Conocybe volviradicata

Scientific classification
- Domain: Eukaryota
- Kingdom: Fungi
- Division: Basidiomycota
- Class: Agaricomycetes
- Order: Agaricales
- Family: Bolbitiaceae
- Genus: Conocybe
- Species: C. volviradicata
- Binomial name: Conocybe volviradicata Watling, Işıloğlu & Baş Serm. (2011)

= Conocybe volviradicata =

- Authority: Watling, Işıloğlu & Baş Serm. (2011)

Species of fungus

Conocybe volviradicata is a species of mushroom-producing fungus in the family Bolbitiaceae.

== Taxonomy ==
It was described in 2011 by the mycologists Roy Watling, Mustafa Işıloğlu and Hayrünisa Baş Sermenlı who classified it as Conocybe volviradicata.
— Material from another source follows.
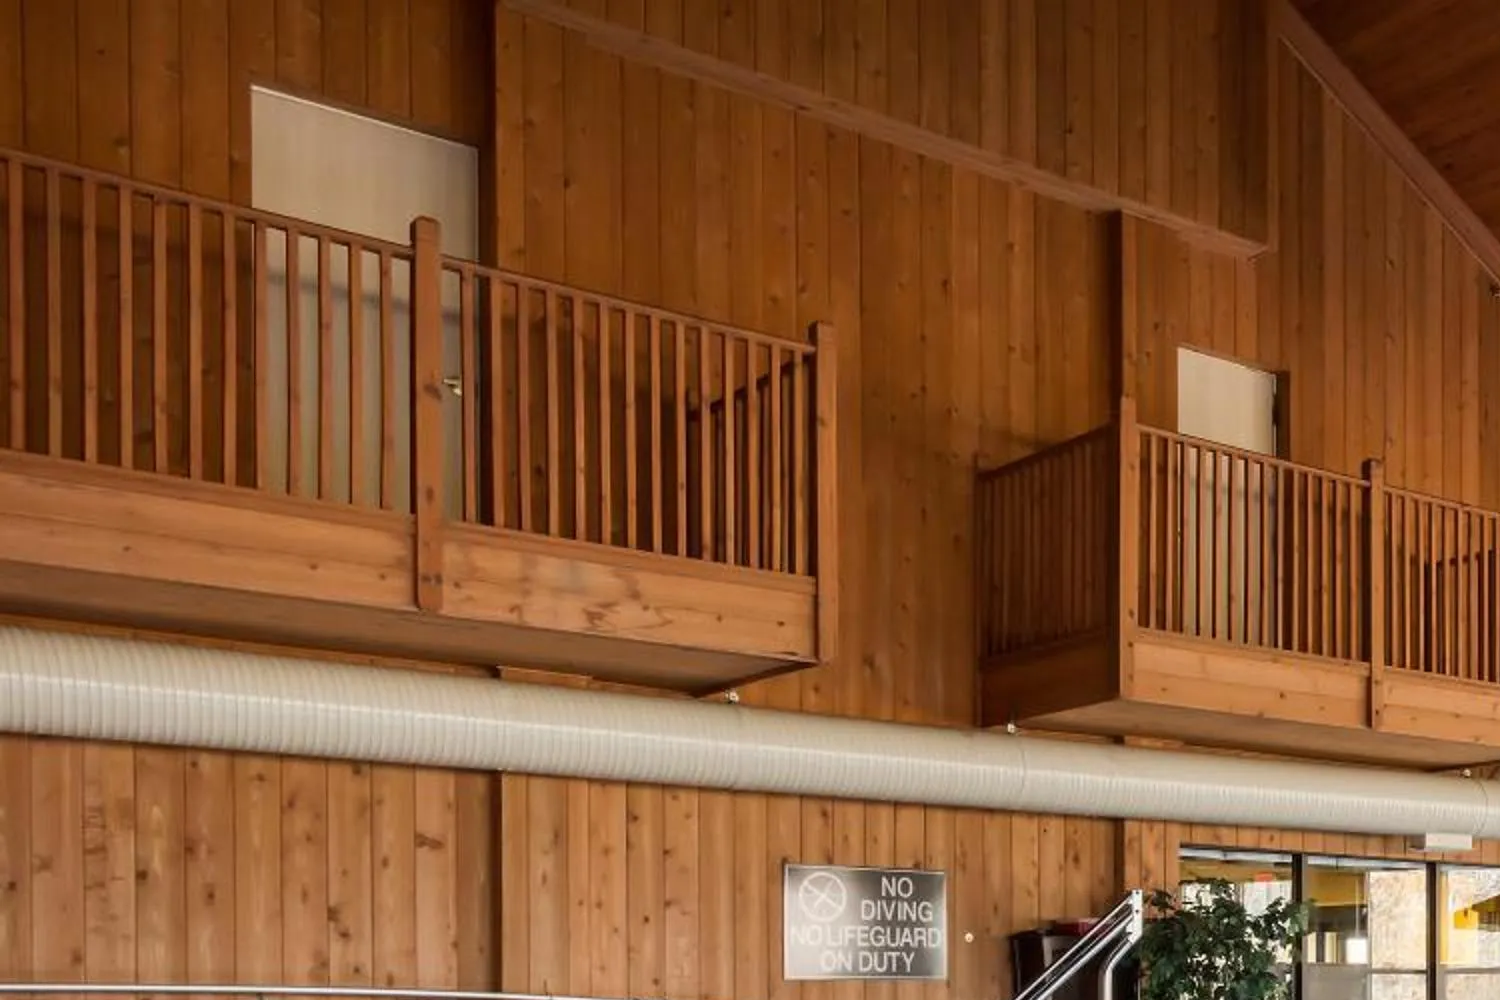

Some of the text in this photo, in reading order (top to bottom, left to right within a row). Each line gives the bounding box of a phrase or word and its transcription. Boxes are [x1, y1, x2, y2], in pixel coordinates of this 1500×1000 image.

[881, 876, 913, 898] NO
[861, 899, 933, 922] DIVING
[791, 924, 942, 947] NO LIFEGUARD
[821, 951, 915, 973] ON DUTY
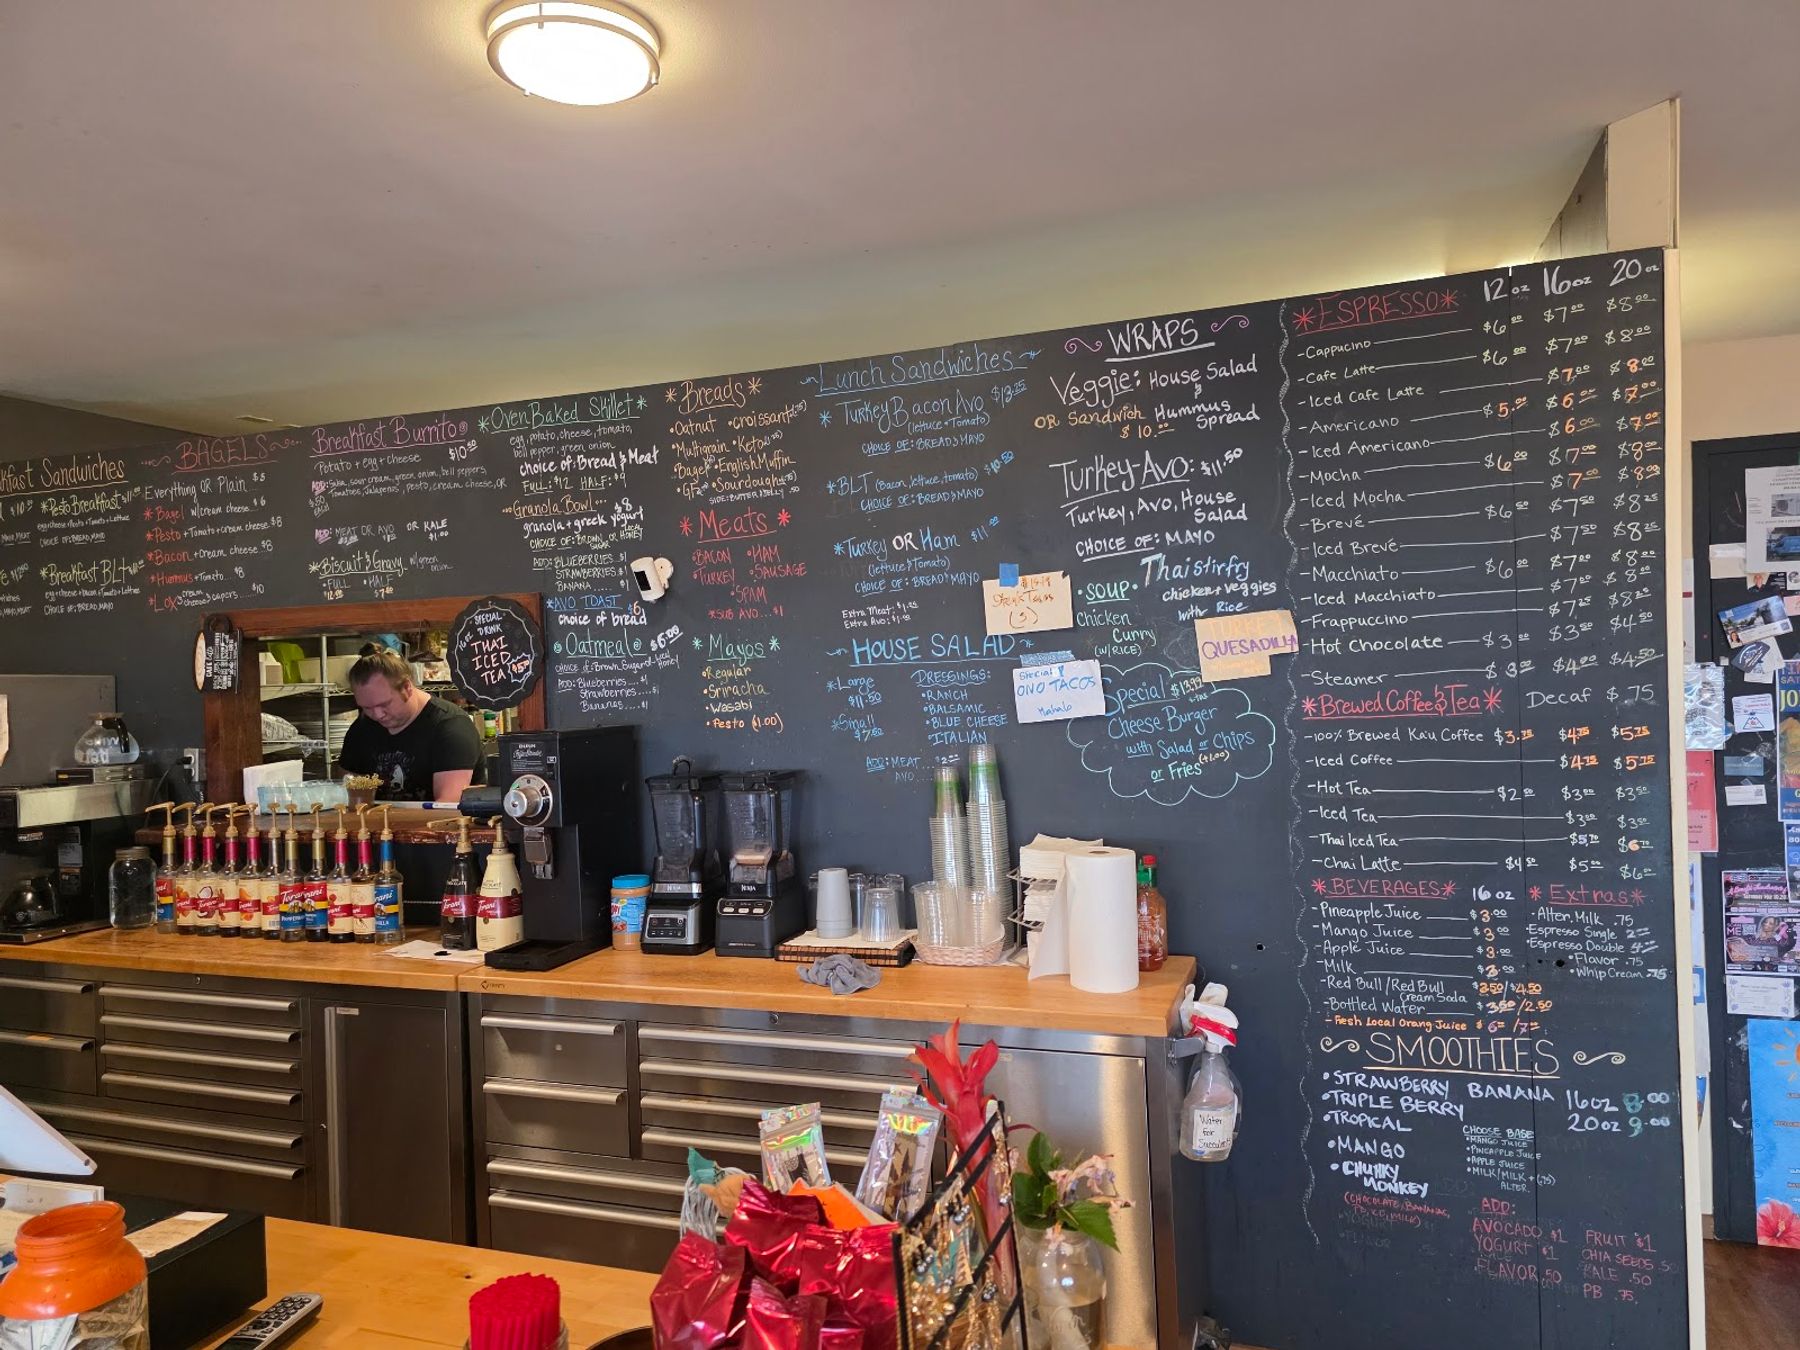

It is notable as being one of the few Conocybe species which has a volva and subsequently was placed in Conocybe sect. Singerella along with the other volvate species.

== Description ==
Conocybe volviradicata is a small brown volvate mushroom.

Cap: 1.5cm wide and conical to campanulate. The surface is cinnamon to sienna brown but dries to a buff or yellowish cream colour. It is smooth and silky with a striate margin. The flesh is thin and up to 1mm in the centre. Gills: Almost free, crowded and pale ochre. Stem: 3cm long and 3mm thick with a cream colour surface and distinct striations running to the start of the volva. The base of the stem has a volva and a rooting base that is up to 2cm long. Spore print: ochre to cinnamon brown. Spores: 8-10 x 6-7 μm. Hexagonal with a distinct germ pore and thick wall. Sienna brown.

== Etymology ==
The specific epithet volviradicata is named in reference to the volvate, rooting stipe.

== Habitat and distribution ==
The specimens studied by Watling, Işıloğlu and Sermenlı were found growing on manured soil on the border of a vegetable garden in Southwest Turkey.